*** Opening Task input ***

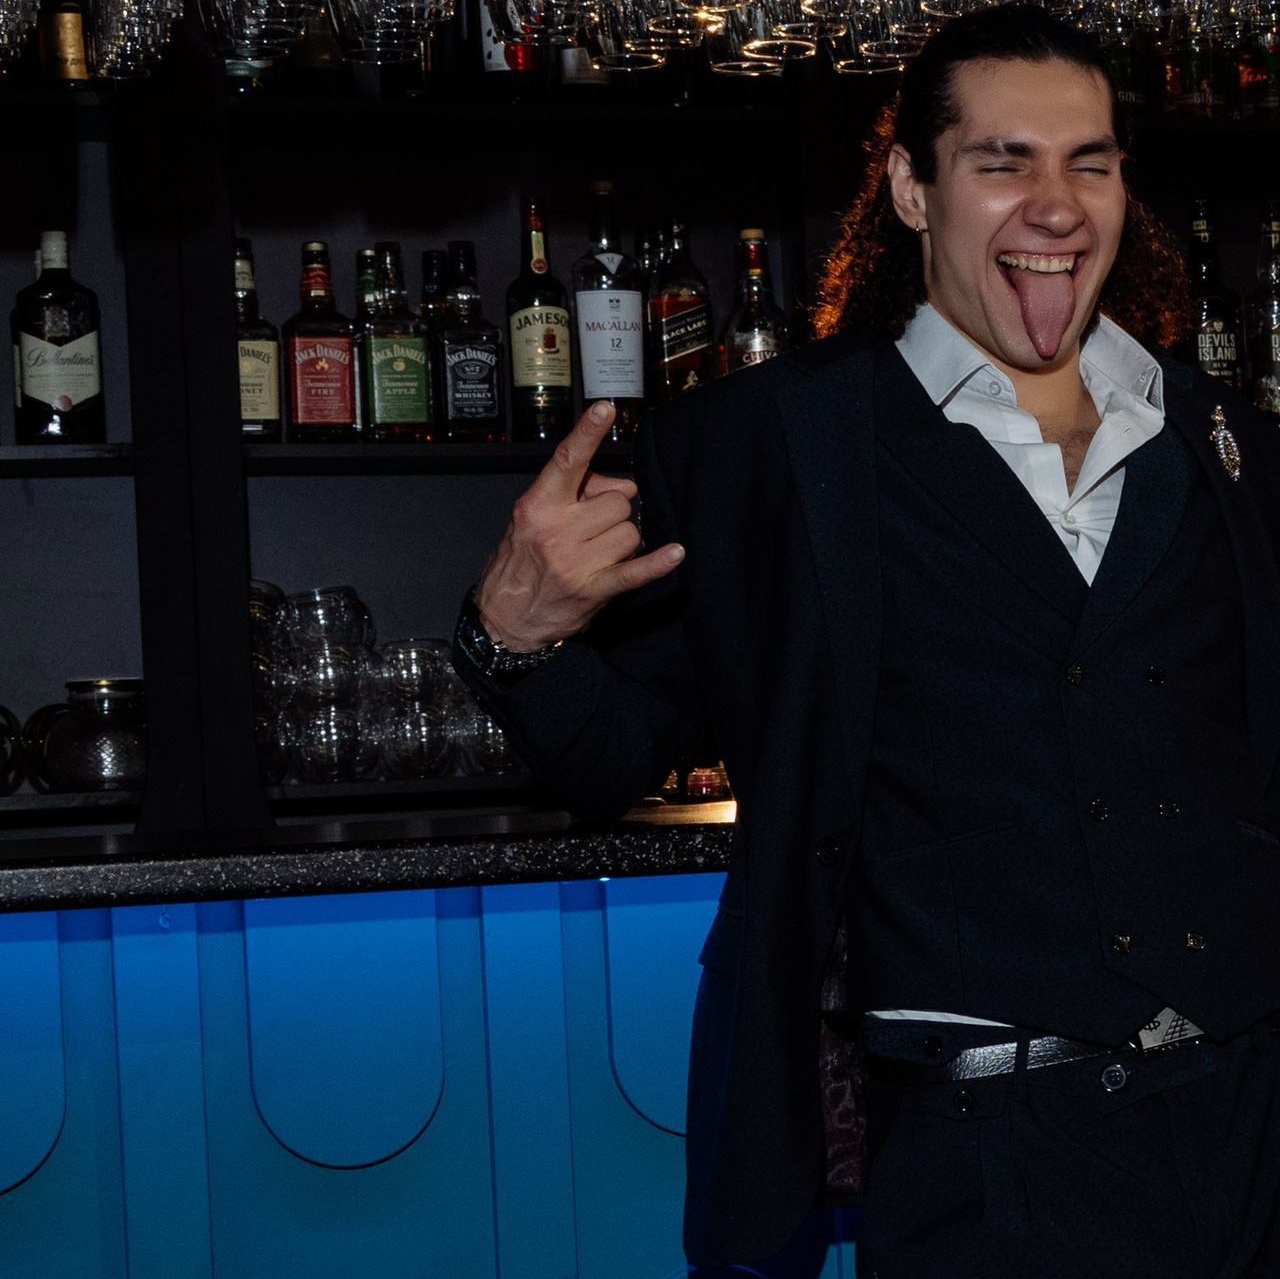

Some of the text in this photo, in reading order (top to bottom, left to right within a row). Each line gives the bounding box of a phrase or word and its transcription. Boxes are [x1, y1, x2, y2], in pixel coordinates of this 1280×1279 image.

[516, 312, 568, 331] JAMESO
[585, 322, 641, 331] MACALLAN
[686, 319, 707, 334] LABE
[611, 338, 622, 348] 12
[1198, 334, 1235, 348] DEVILS
[240, 346, 272, 365] DANIEL'S
[295, 344, 350, 365] JACK DANIEL'S
[372, 344, 425, 364] JACK DANIEL'S
[447, 348, 497, 366] JACK DANIEL'S
[742, 351, 778, 363] CHIVA
[1198, 347, 1237, 361] ISLAND

*** Closing Task input ***

> Assignment
The whole of the data above needs retyping exactly, with pictures omitted.

> Solution for this problem
Some of the text in this photo, in reading order (top to bottom, left to right within a row). Each line gives the bounding box of a phrase or word and its transcription. Boxes are [x1, y1, x2, y2], in pixel coordinates of this 1280×1279 image.

[516, 312, 568, 331] JAMESO
[585, 322, 641, 331] MACALLAN
[686, 319, 707, 334] LABE
[611, 338, 622, 348] 12
[1198, 334, 1235, 348] DEVILS
[240, 346, 272, 365] DANIEL'S
[295, 344, 350, 365] JACK DANIEL'S
[372, 344, 425, 364] JACK DANIEL'S
[447, 348, 497, 366] JACK DANIEL'S
[742, 351, 778, 363] CHIVA
[1198, 347, 1237, 361] ISLAND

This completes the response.